▶ _TASK BRIEF_:
Would you please copy all of the data exactly, skipping the images?

START RECORDS PROVIDED

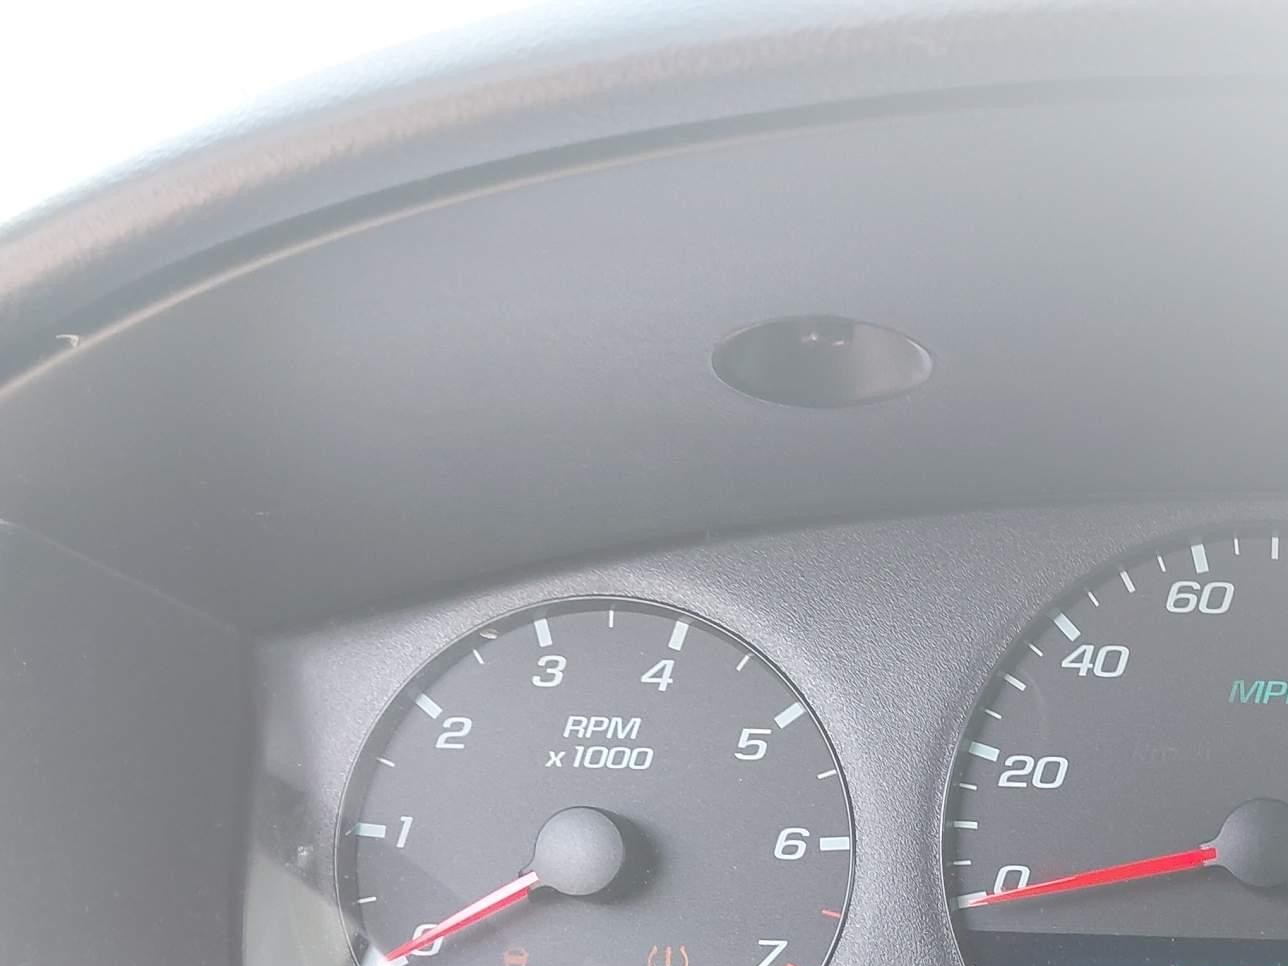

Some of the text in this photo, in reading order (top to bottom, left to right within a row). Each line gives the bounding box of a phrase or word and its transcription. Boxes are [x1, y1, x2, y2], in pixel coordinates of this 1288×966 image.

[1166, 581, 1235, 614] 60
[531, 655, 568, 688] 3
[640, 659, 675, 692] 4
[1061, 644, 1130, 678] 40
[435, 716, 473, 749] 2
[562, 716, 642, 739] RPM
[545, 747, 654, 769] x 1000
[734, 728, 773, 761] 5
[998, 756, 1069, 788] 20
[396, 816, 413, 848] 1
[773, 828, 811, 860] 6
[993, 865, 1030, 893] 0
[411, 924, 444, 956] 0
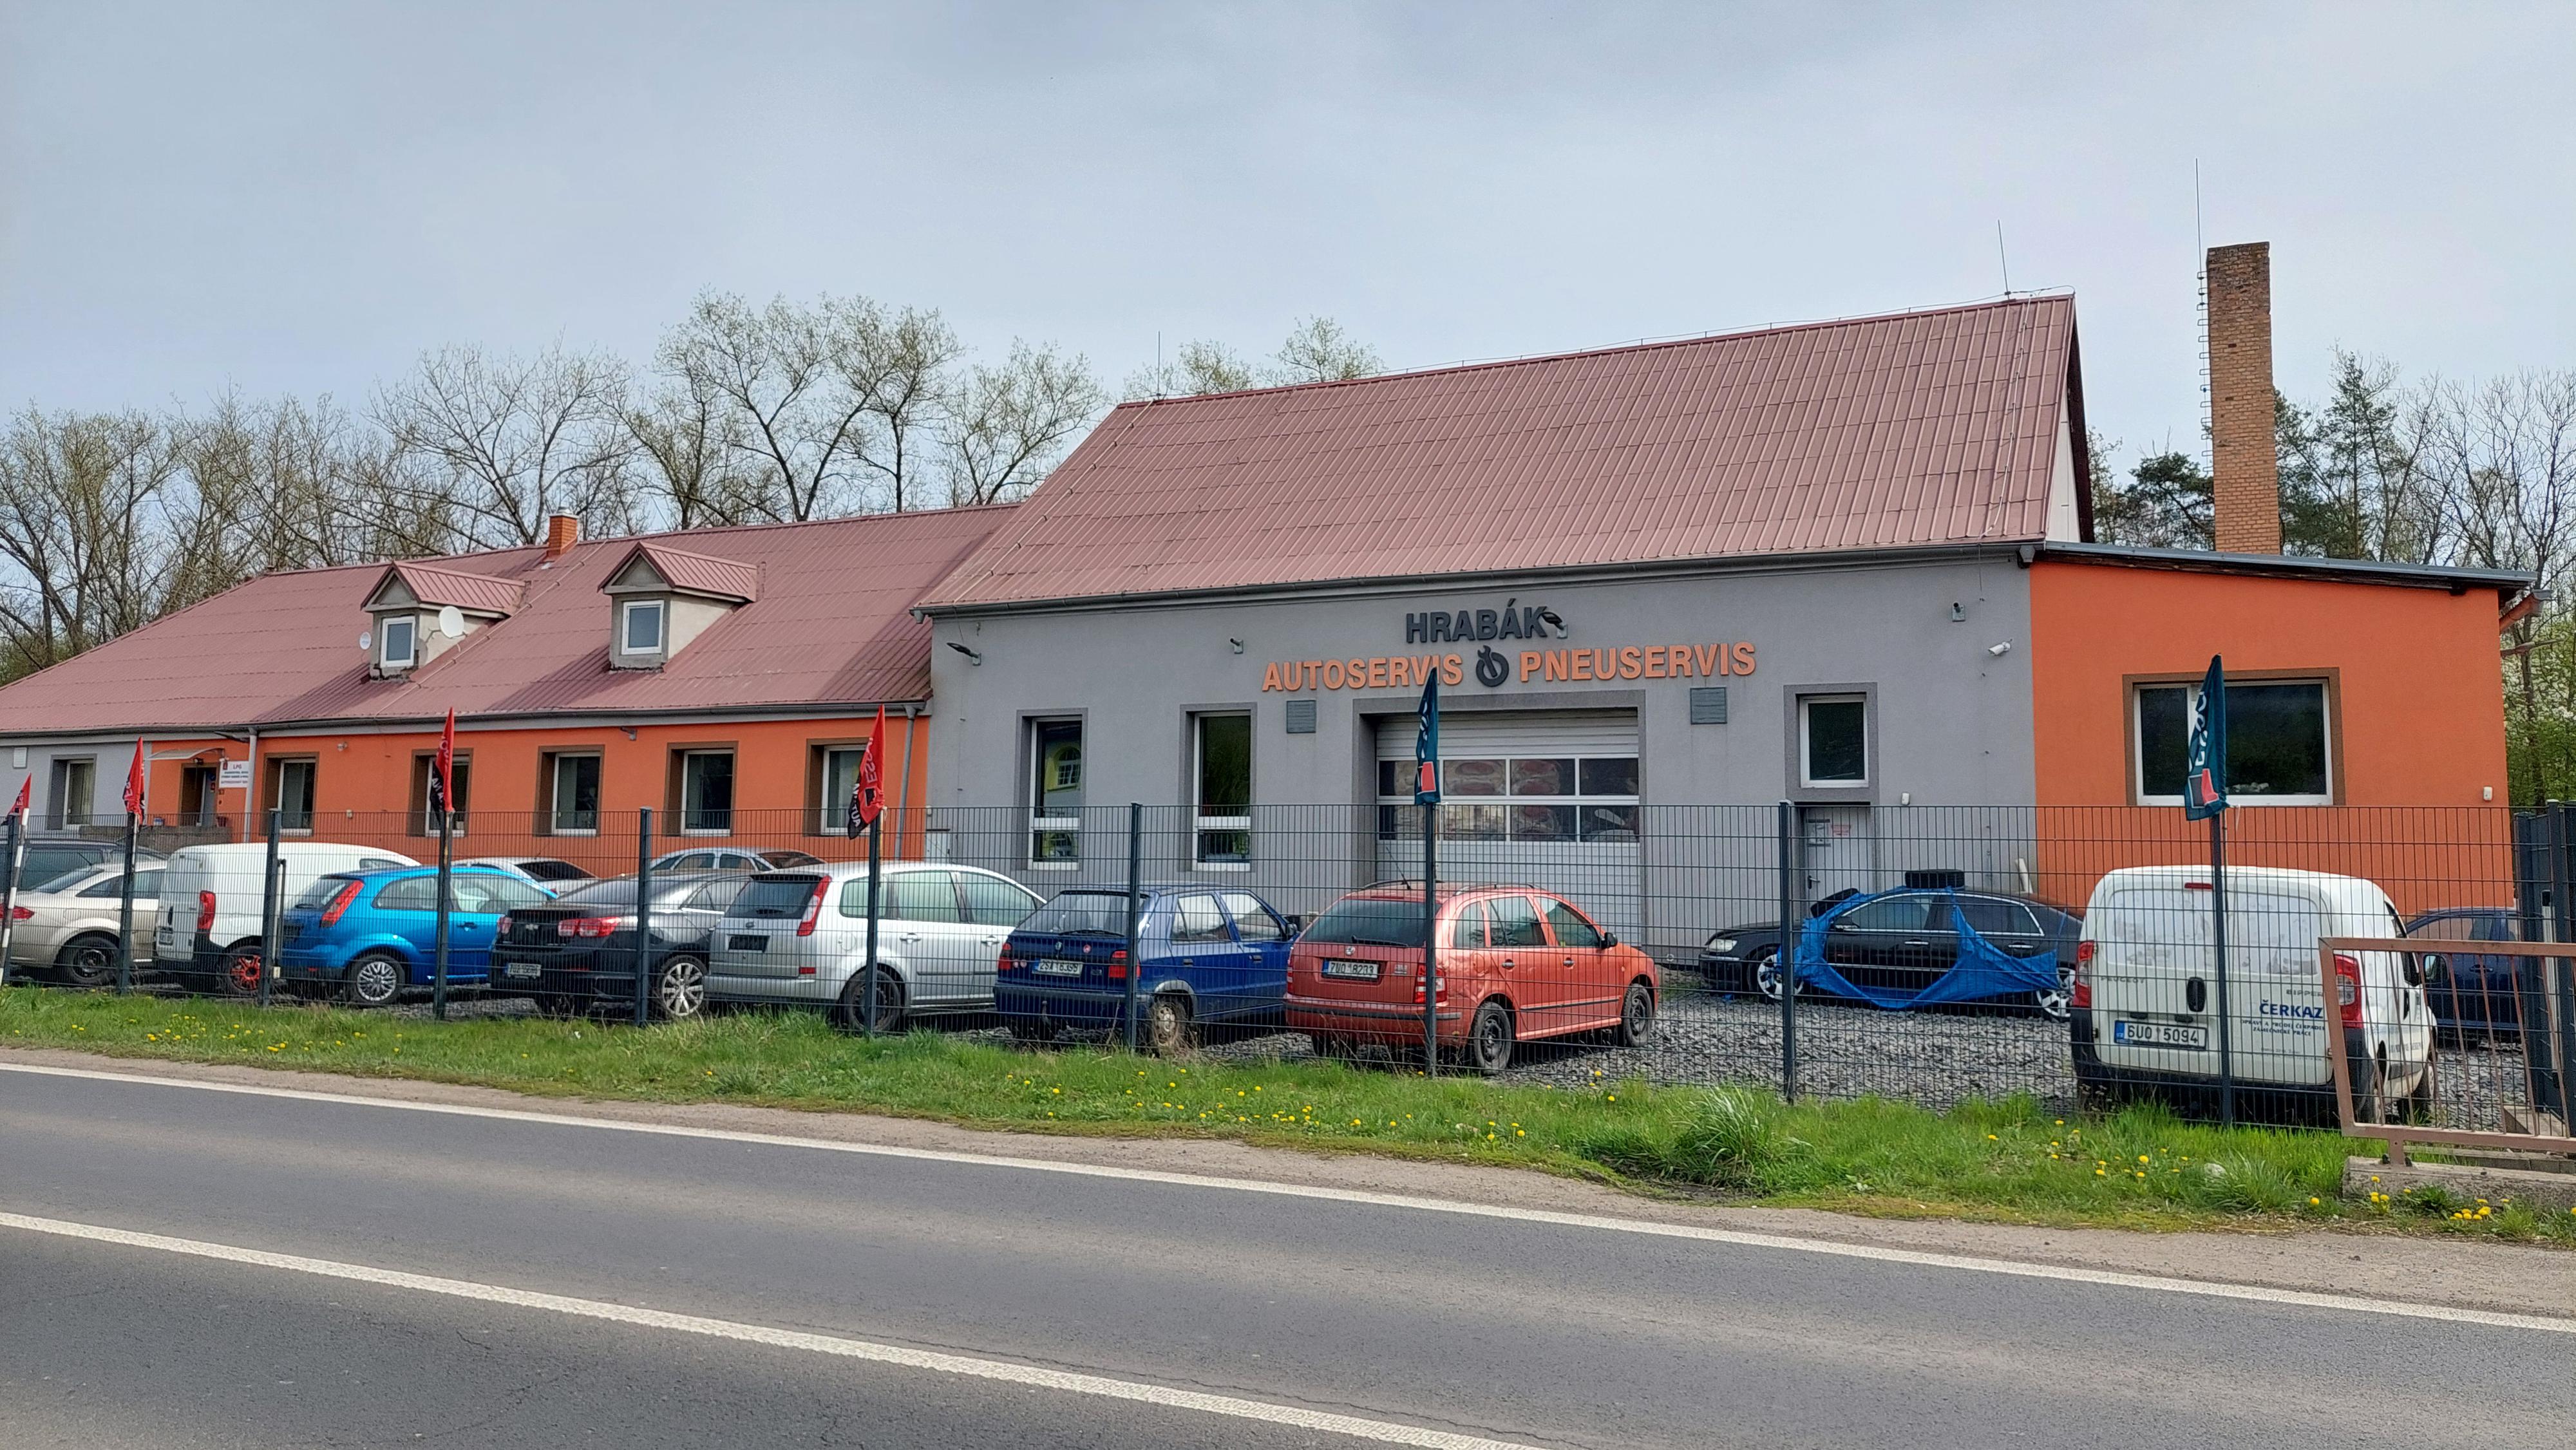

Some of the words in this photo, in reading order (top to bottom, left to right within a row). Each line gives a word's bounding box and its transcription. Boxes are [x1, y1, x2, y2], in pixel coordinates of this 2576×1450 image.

END RECORDS PROVIDED

▶ _REPLY_:
Some of the text in this photo, in reading order (top to bottom, left to right within a row). Each line gives the bounding box of a phrase or word and its transcription. Boxes are [x1, y1, x2, y2], in pixel coordinates of this 1288×966 image.

[1166, 581, 1235, 614] 60
[531, 655, 568, 688] 3
[640, 659, 675, 692] 4
[1061, 644, 1130, 678] 40
[435, 716, 473, 749] 2
[562, 716, 642, 739] RPM
[545, 747, 654, 769] x 1000
[734, 728, 773, 761] 5
[998, 756, 1069, 788] 20
[396, 816, 413, 848] 1
[773, 828, 811, 860] 6
[993, 865, 1030, 893] 0
[411, 924, 444, 956] 0

Some of the words in this photo, in reading order (top to bottom, left to right within a row). Each line gives a word's bounding box and its transcription. Boxes are [x1, y1, x2, y2], in pixel coordinates of this 2576×1450 image.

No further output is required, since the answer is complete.